The data:
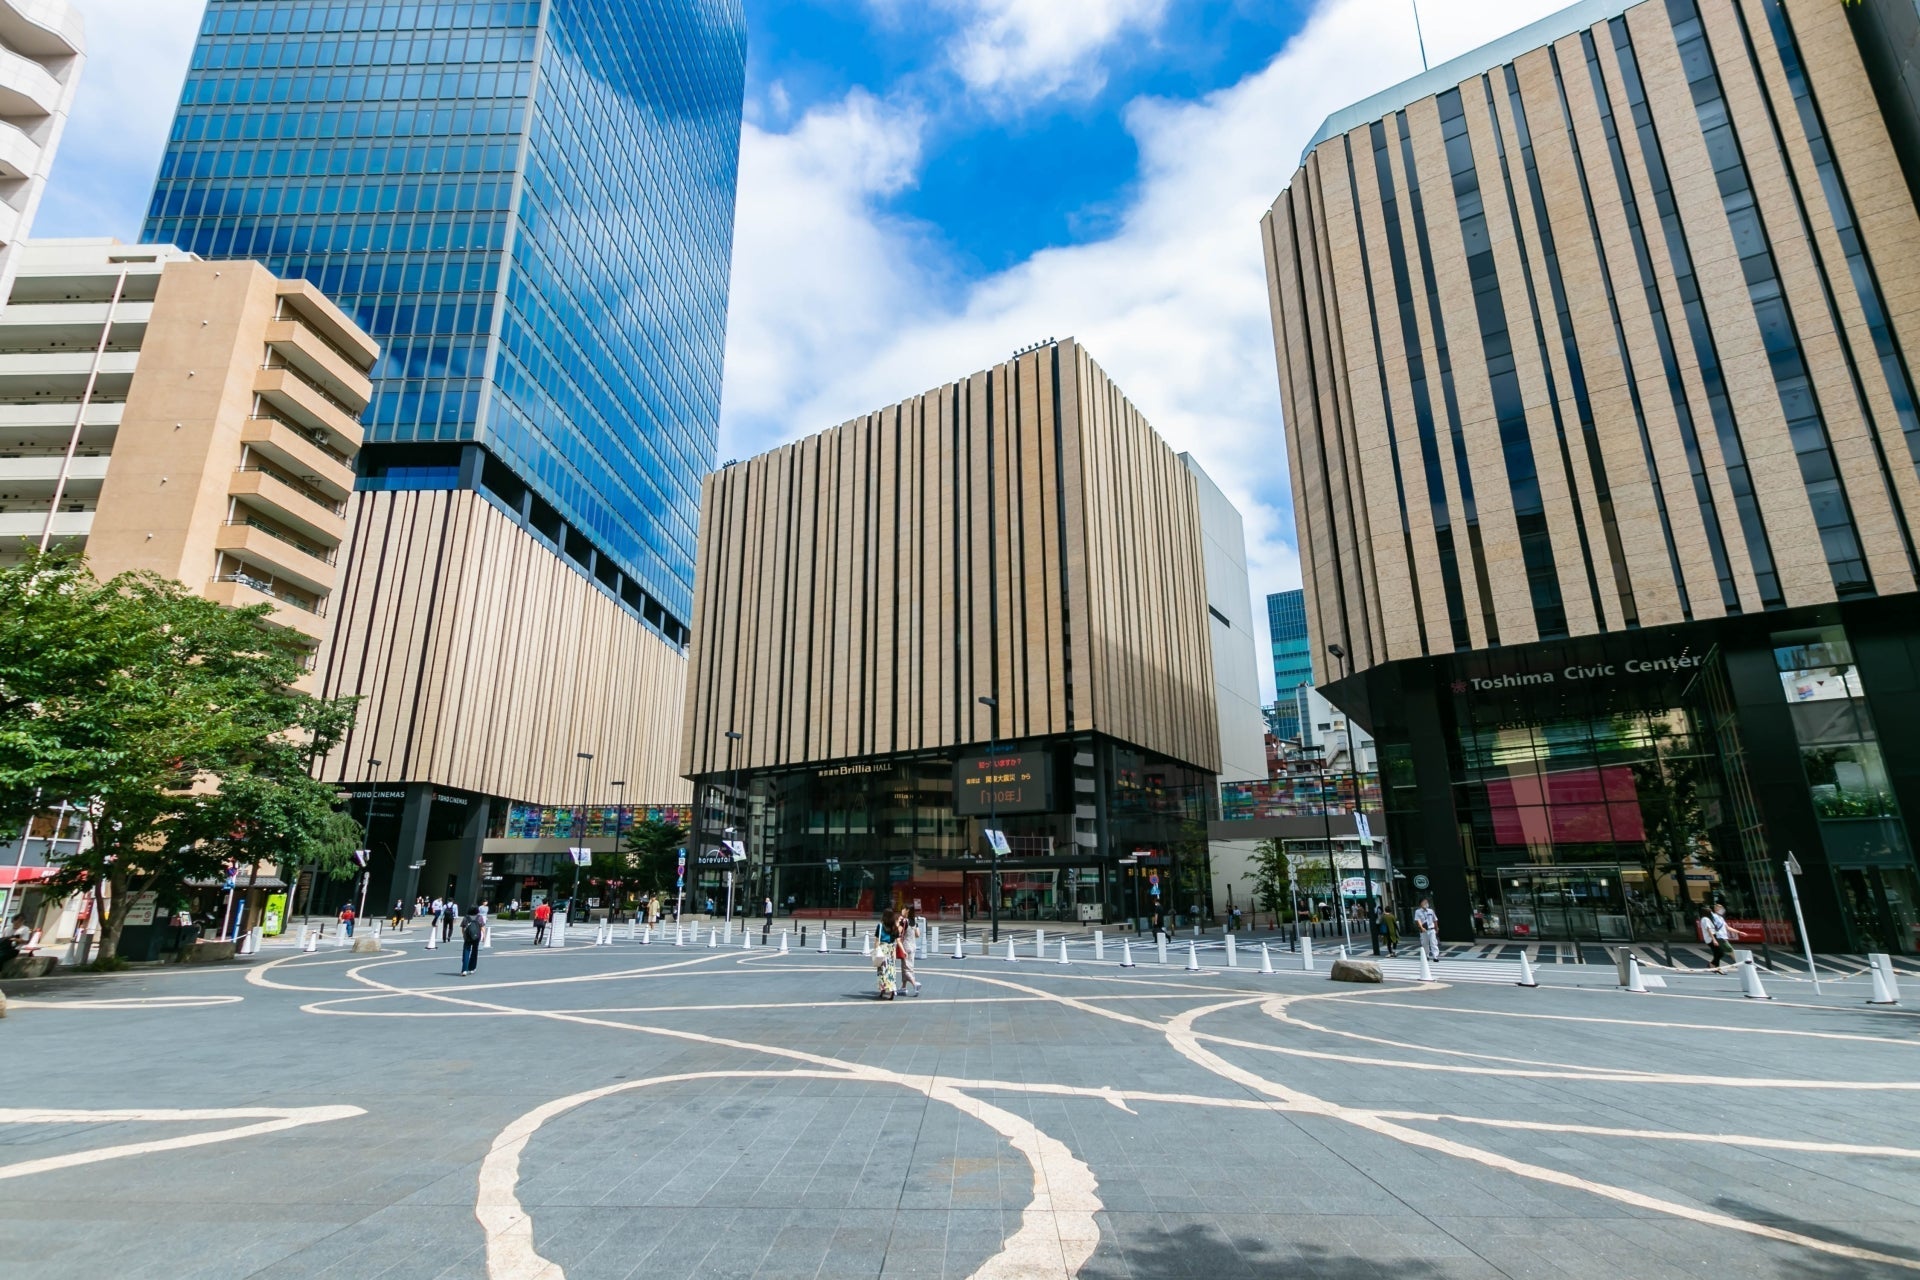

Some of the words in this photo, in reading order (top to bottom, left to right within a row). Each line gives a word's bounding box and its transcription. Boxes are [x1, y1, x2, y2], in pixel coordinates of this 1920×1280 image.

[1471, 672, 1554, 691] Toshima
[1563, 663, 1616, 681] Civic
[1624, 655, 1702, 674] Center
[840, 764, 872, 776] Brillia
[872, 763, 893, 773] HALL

Exercise instructions: Everything in the material must be duplicated exactly, except the pictures.

Result of the exercise:
Some of the words in this photo, in reading order (top to bottom, left to right within a row). Each line gives a word's bounding box and its transcription. Boxes are [x1, y1, x2, y2], in pixel coordinates of this 1920×1280 image.

[1471, 672, 1554, 691] Toshima
[1563, 663, 1616, 681] Civic
[1624, 655, 1702, 674] Center
[840, 764, 872, 776] Brillia
[872, 763, 893, 773] HALL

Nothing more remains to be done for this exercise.